The main core abdominal muscles include the Rectus Abdominis (what we see as the six pack muscles), the Oblique muscles (helping us get that nice “V” cut just above the hips), and the Transverse Abdominis (the unsung hero of core ab muscles, helping us pull it all in). The other two components of the core ab muscle group are the Psoas and the set of Quadratus Lumborum. The Psoas acts to help us bend at the waist from the legs – and example of this movement is the Pilates Double Leg Lower or Single Leg Lower (the Psoas resists the weight as our legs lower, and then helps us pull them back up). The Quadratus Lumborum is affectionately known as the “hula” muscle – it helps you hike your hips up to the side like when you’re doing the hula, or stepping over a fence. Your can read more about these two muscles here . As for the others, let’s dive right in.
The Rectus Abdominis is commonly seen as the “six pack” muscles. However, we’re mistaken to think that the six-pack is 6 separate muscles – in fact the Rectus is one single muscle that’s divided into six sections by connective tissue (like the stuff that makes up tendons and ligaments). It’s the top-most layer in our ab muscles, which is why we can see it so clearly when it’s nice and strong and there’s low body fat. This muscle helps us bend from the trunk, like when we’re doing a sit up or the Chest Lift Exercise.
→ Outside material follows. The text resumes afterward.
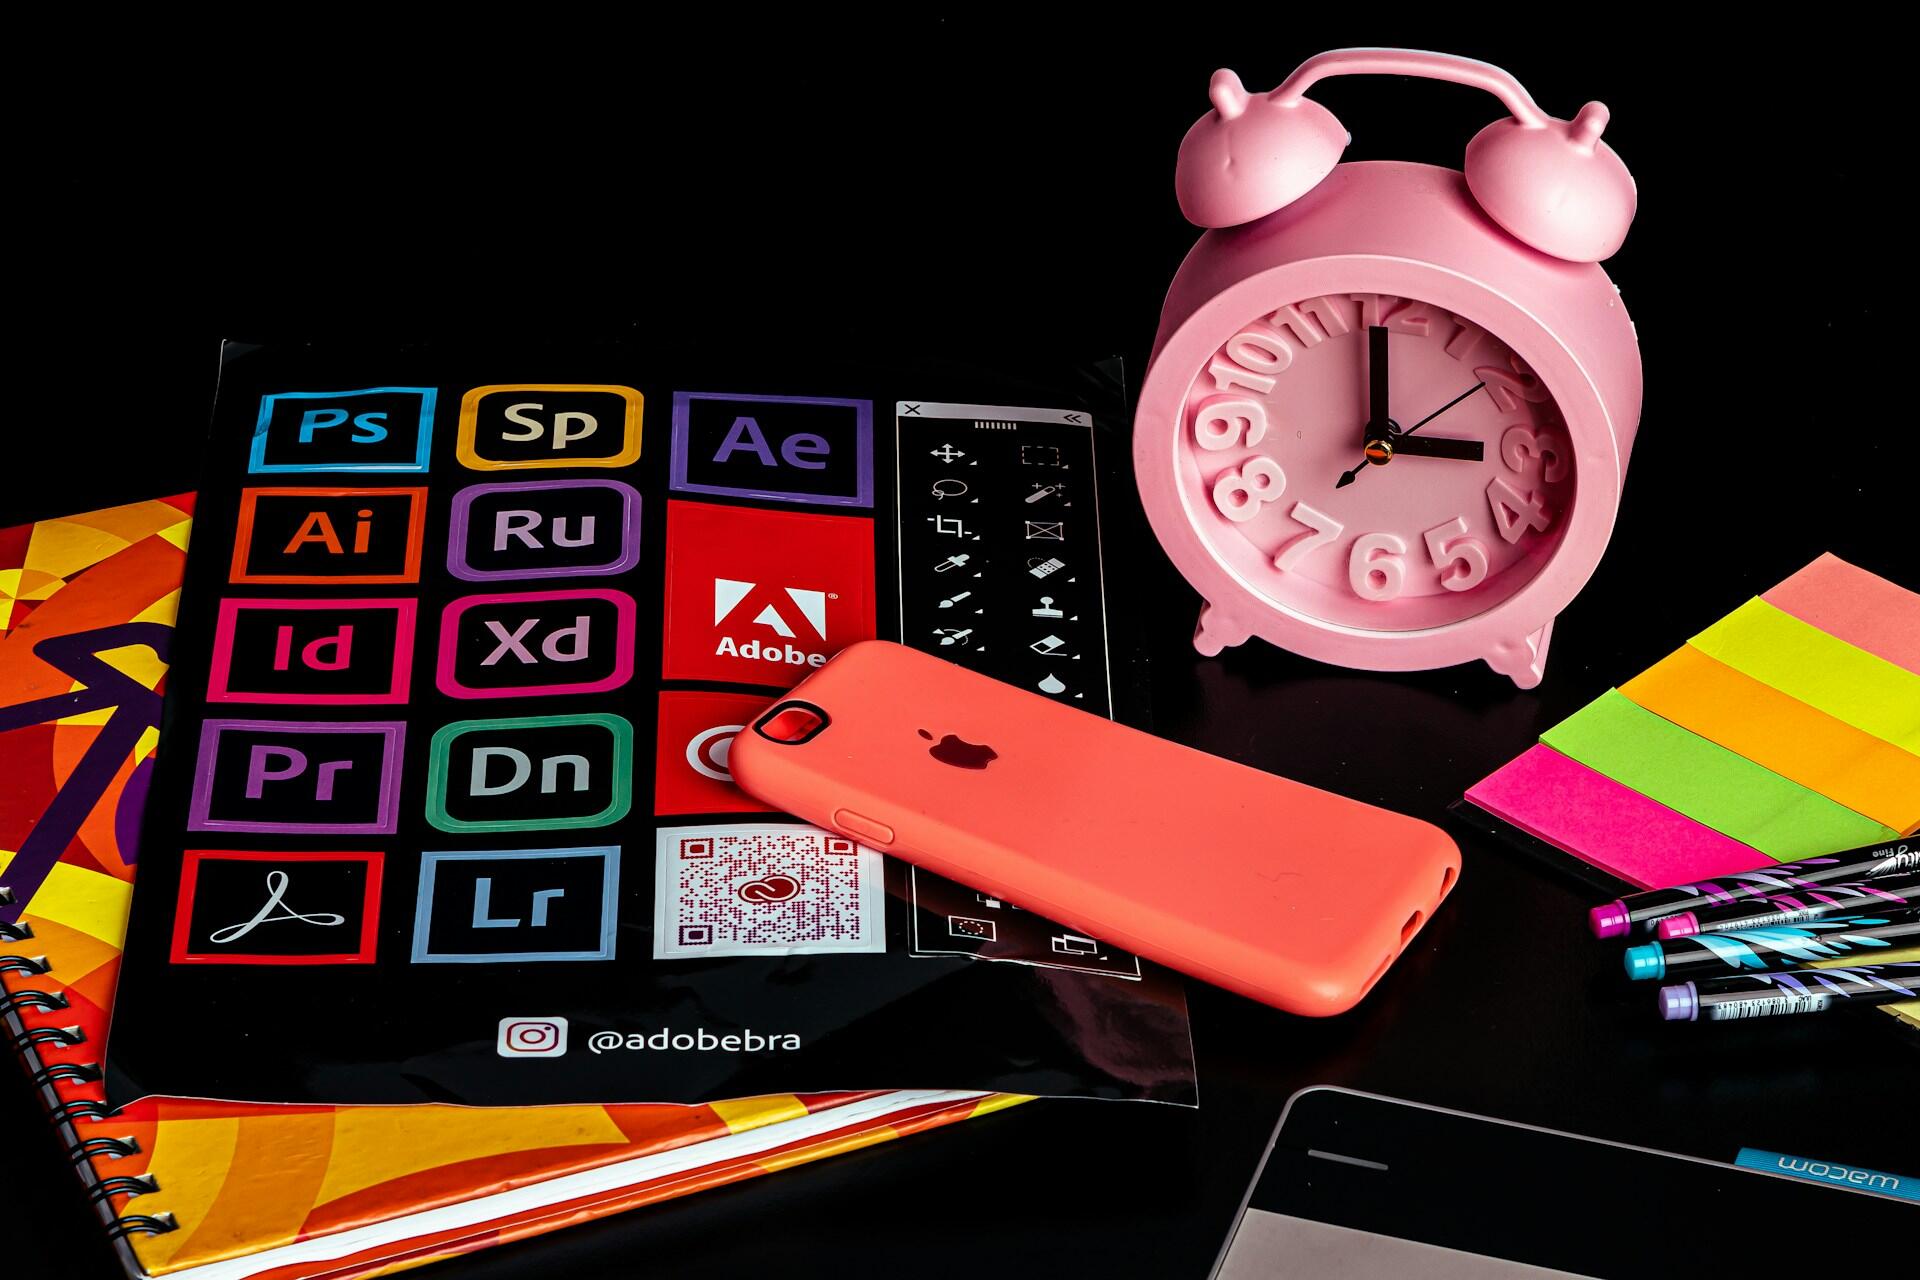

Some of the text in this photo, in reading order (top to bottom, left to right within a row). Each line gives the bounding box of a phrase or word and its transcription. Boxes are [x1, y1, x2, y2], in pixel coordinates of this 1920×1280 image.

The Oblique muscles are next – the Internal Obliques and the External Obliques, to be more precise. These muscles help us rotate or twist our upper body and ribcage, like when we turn our shoulders to face someone to our side but we keep our feet planted in the same spot. These muscles also help us bend to and lift up from the side, as in the Side Tilt exercise.
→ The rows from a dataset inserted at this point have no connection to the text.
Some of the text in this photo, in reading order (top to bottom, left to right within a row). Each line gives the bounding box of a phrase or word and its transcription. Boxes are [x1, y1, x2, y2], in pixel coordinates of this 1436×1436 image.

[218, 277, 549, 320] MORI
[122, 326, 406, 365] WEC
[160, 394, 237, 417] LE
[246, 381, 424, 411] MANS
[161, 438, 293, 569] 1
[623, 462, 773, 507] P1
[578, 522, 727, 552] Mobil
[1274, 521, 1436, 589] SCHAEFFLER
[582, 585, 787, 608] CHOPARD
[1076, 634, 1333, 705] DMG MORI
I say the Transverse Abdominis is the unsung hero of the core ab muscles because it does a lot of work, but it’s buried underneath those other muscles so we don’t get to see it when it’s strong. But believe me, we definitely feel it. The Transverse Abdominis acts like a corset, pulling us in on both sides of our torso when we engage it. In this way it helps keep everything (internal organs, etc.) in, like toothpaste in it’s tube – plus it helps to support the spine. We engage our Transverse every time we engage our core correctly – To make sure you’re engaging your core correctly, watch this demonstration and practice a few times..
And there we have it! The core abdominal muscles dissected (haha, anatomy jokes… but seriously). I hope this helps you understand your ab muscles a little deeper (I’ll stop, I promise!). From here on, whenever your trainer tells you to “tighten your core” you’ll know just what they’re talking about. It’ll make your ab workout that much more fun when you can tell exactly what muscles you’re working with each exercise! Well, maybe that’s just me, but now you know which muscles you’re working when you’re working out, and which abdominal muscles are a part of your Core Anatomy!